Providing care for a loved one is an around-the-clock responsibility — one that often is extremely stressful and can take a physical and emotional toll on caregivers.

A recent study highlights the many challenges female caregivers face. Researchers talked to more than 280 family caregivers and found that female caregivers had less family support, lower self-esteem and faced more harm to their health and schedules compared to male caregivers.

Unfortunately, these results aren’t surprising. There are gender expectations associated with caregiving, and far too often, the largest share of this responsibility falls on women. This is in addition to their everyday responsibilities as wives, mothers, friends, employees and community members. According to the Family Caregiver Alliance, the average caregiver is a 49-year-old woman caring for an elderly parent who does not live with her. Female caregivers also spend as much as 50 percent of their time providing care.

"Taking care of sick family members is a responsibility often expected of women," said Karla Washington, the study’s author and an assistant professor in the University of Missouri's department of family and community medicine. "If society views female caregivers as being naturally better at caregiving, other family members might be less likely to think the caregiver needs support, and thus less likely to offer it."

When a loved one is aging or faces a serious illness, such as cancer, family support is critical. However, caregivers often need support, too. At UF Health Cancer Center – Orlando Health, we realize just how important it is to provide care to patients and those who support them day in and day out. The center’s Cancer Support Community is a critical resource for families and caregivers, providing a unique outlet where people can share their feelings, frustrations and concerns. Cancer support groups include people who have intimate knowledge and a shared experience of what families battling cancer are going through, and they’re an important outlet for caregivers who may not feel comfortable sharing their feelings with other family members or the person they are caring for.

The Cancer Center offers regular Cancer Support Community events, including support groups that share coping strategies for dealing with stress, art and music therapy and opportunities to relax just with fellow caregivers and enjoy snacks and companionship. All these events and support resources are designed to help caregivers manage their stress — in whatever way they can.

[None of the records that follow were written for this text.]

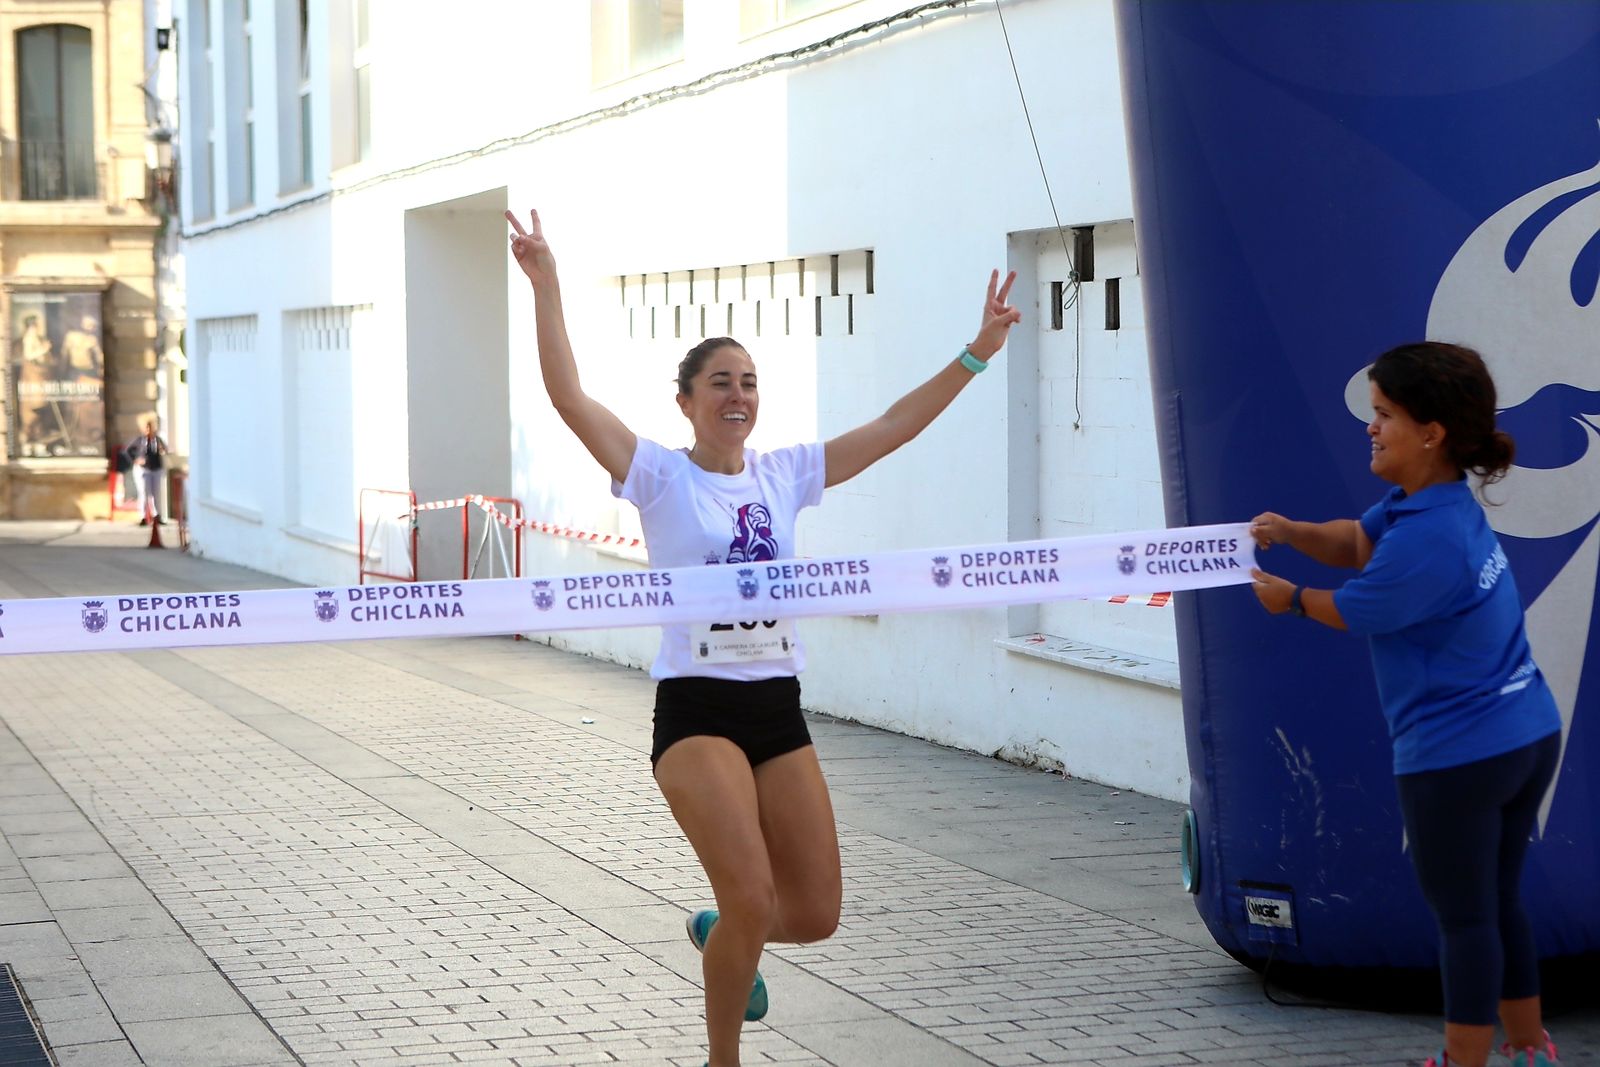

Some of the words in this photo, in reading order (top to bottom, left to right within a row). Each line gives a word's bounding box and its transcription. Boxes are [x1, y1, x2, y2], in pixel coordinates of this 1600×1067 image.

[1144, 538, 1239, 557] DEPORTES
[960, 549, 1060, 569] DEPORTES
[1145, 556, 1241, 576] CHICLANA
[765, 560, 870, 581] DEPORTES
[962, 568, 1060, 588] CHICLANA
[563, 572, 673, 592] DEPORTES
[769, 579, 872, 600] CHICLANA
[118, 593, 241, 612] DEPORTES
[348, 583, 463, 602] DEPORTES
[566, 591, 675, 610] CHICLANA
[120, 611, 242, 633] CHICLANA
[350, 602, 465, 622] CHICLANA

All caregivers face an enormous level of responsibility when helping a loved one cope with cancer or another serious illness. Female caregivers, in particular, face ongoing challenges because they are responsible for the majority of caregiving. If you are in this situation, know that you don’t have to do it alone. Many caregivers are fortunate to have family members or close friends willing to help with caregiving tasks. Even a break for one day can benefit a caregiver’s emotional and physical health. Don’t hesitate to seek support groups if you are in need of someone to talk to. The Cancer Support Community is a great resource for this, as are local support groups in your area, which you can find on the American Cancer Society’s website.